Four-bytes database generator
make
./bin/four_bytes --outdir /where/to/put/chunks
It generates the cross-product database of four-bytes signatures from a small collection of function names and type signatures.
Sets A and B
The input files are installed with chifra
and appear here:
./src/other/install/abis/known-000/uniq_sigs.tab
(Set A)
./src/other/install/abis/known-000/uniq_funcs.tab
(Set B)
./src/other/install/abis/known-000/uniq_events.tab
(Set B)
Set A has 784 items. Set B has 113,281 items in total. Taking the cross-product of those two sets (784 x 113,281) produces 88,812,304 four-byte signatures. This is about 88 times bigger than the four-byte directory, but it is a vanishingly small precentage of the 2^32 (4,294,967,296) possible four byte encodings.
The database produced from these sets is "chunked" by the first two bytes in the four-byte. Similar to the Unchained Index. This produces 65,536 files. Files can be downloaded by end users from IPFS and pinned, making the file increasingly available to others.
The size of the files ranges between 100 and 200 KB. The full database takes about 7 GB of disk space in total, but most users would store much less data than that. Generating the database takes about 40 minutes.
A Second Set of Sets
We have another set of sets. In this other set, Set A has 41,531 signatures. Set B has 616,287 function and events names.
The cross product of these two sets produces 25,595,015,397 results. This second cross product is eight times larger than it needs to be. Eight signatures for each of the four billion four-byte encodings. We could filter out many of the less frequently used functions and signature types producing much smaller data.
In some future world, someone could produce this database, publish it (in a chunked manner) to a content-addressable store (such as IPFS), and over time, people would learn to go to this well-known IPFS hash to find four-bytes encodings. The more people use it, the better it would get.
We could even build a TCR (hi Auryn!) to help us sort out which of the 25 redundant encodings is the right one.
A simple linear extrapolation of the above sizes suggests about it would take about 288 times longer or about eight days. (But it would be done once and for all.)
The chunks are stored in a binary file with the following format. The chunk format follows Unchained Index file format as closely as possible. Each chunk consist of 3 parts:
[ Header ]
[ Signature Table ]
[ String Table ]
where,
type Header struct {
Magic uint32
Hash common.Hash
SignatureCount uint32
}
Signature Table (could be called Encoding Table)
an array of
type SignatureRecord struct {
Signature common.Hash // Where the string representation starts in the file?
Offset uint32 // How long is the string representation?
Len uint32 // The length of the string found at that location
}
String Table (could be called Signature Table)
A binary blob of strings packed tightly together, thus:
islets()tixFounders()reclaimToken(address)partisans(uint256)setPurchaseValues(uint128)
These strings are indexed by the Offet and Len found in the Signature Table.
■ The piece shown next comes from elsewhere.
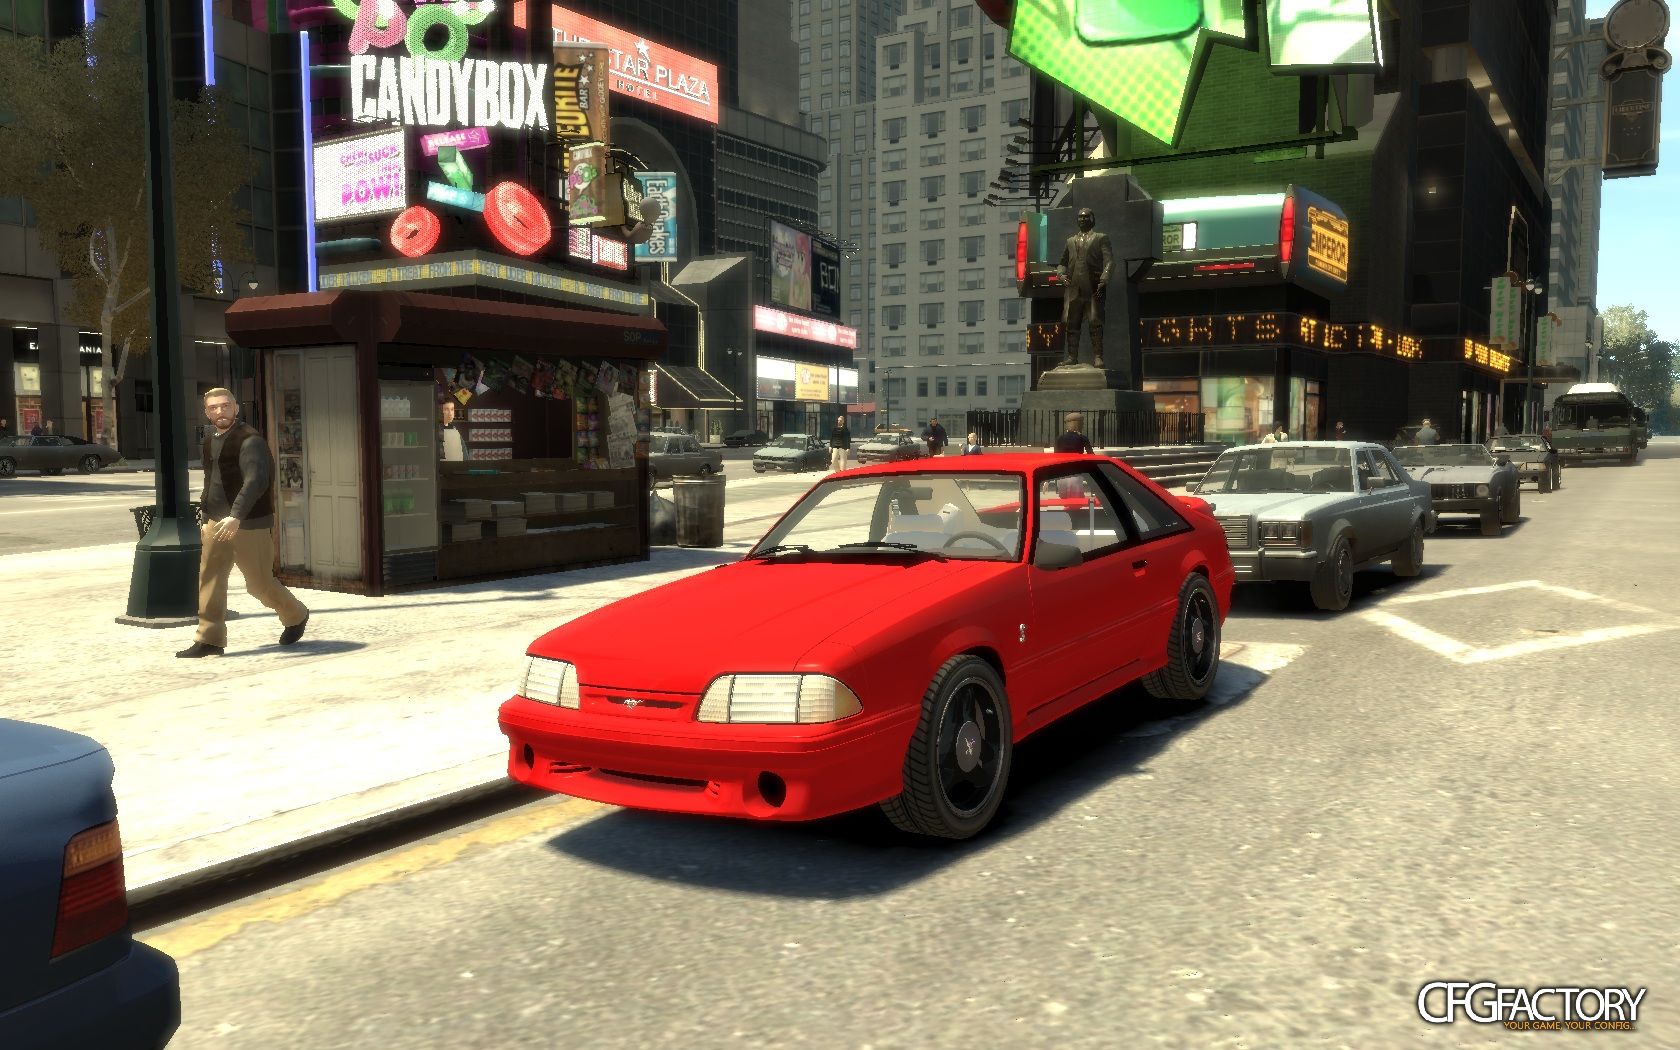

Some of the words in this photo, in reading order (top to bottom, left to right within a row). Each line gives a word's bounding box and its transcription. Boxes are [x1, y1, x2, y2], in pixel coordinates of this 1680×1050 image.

An Algorithm for Searching for Fourbytes
It is assumed that the above files, of which there may be many depending on the number of bytes used to chunk the database, are memory mapped. Upon opening a particular file, the location and length of the Signature Table is known and can be binary searched for the four-byte being queried. Depending on the application and the amount of available memory, the file may remain open for future queries. Upon locating a four-byte, the Offset and Len may be used to retrieve the Function (or Event) signature string.
Note: We do not store the full 32-byte encodings for events. If searching for events, one can search for the first four bytes of the event encoding which will return either one or many signatures. One can easily regenerate the full 32-byte encoding from these strings, thereby identifying the event encoding. In this way, the size of the Signature Table (which should be called the Encoding Table) can be kept smaller.
Further improvements
-
We may be able to speed things up using a second database (or actually a "first" database) where we store well-known encodings. (as an obvious example, the enoding for Transfer.) This would speed things up significantly and produce identical results. Some time ago, we studied nearly 600,000 function names along with 45,000 type signatures. About 500 of the combinations accounted for more than 90% of the actual four-byte and event encodings found on chain.
-
The cross-product databases naturally has many entries that have never actually appeared on the chain. It should be possible to scan the entire history of the chain and build record the frequency of both four-bytes and event topic0's. When subsequently searching for en encoding, we could sort the resulting cross product by frequency. Searching 25,000,000,000 signatures, 24,999,999,250 of which have never appeared on-chain, as we do now, seems a bit counter productive.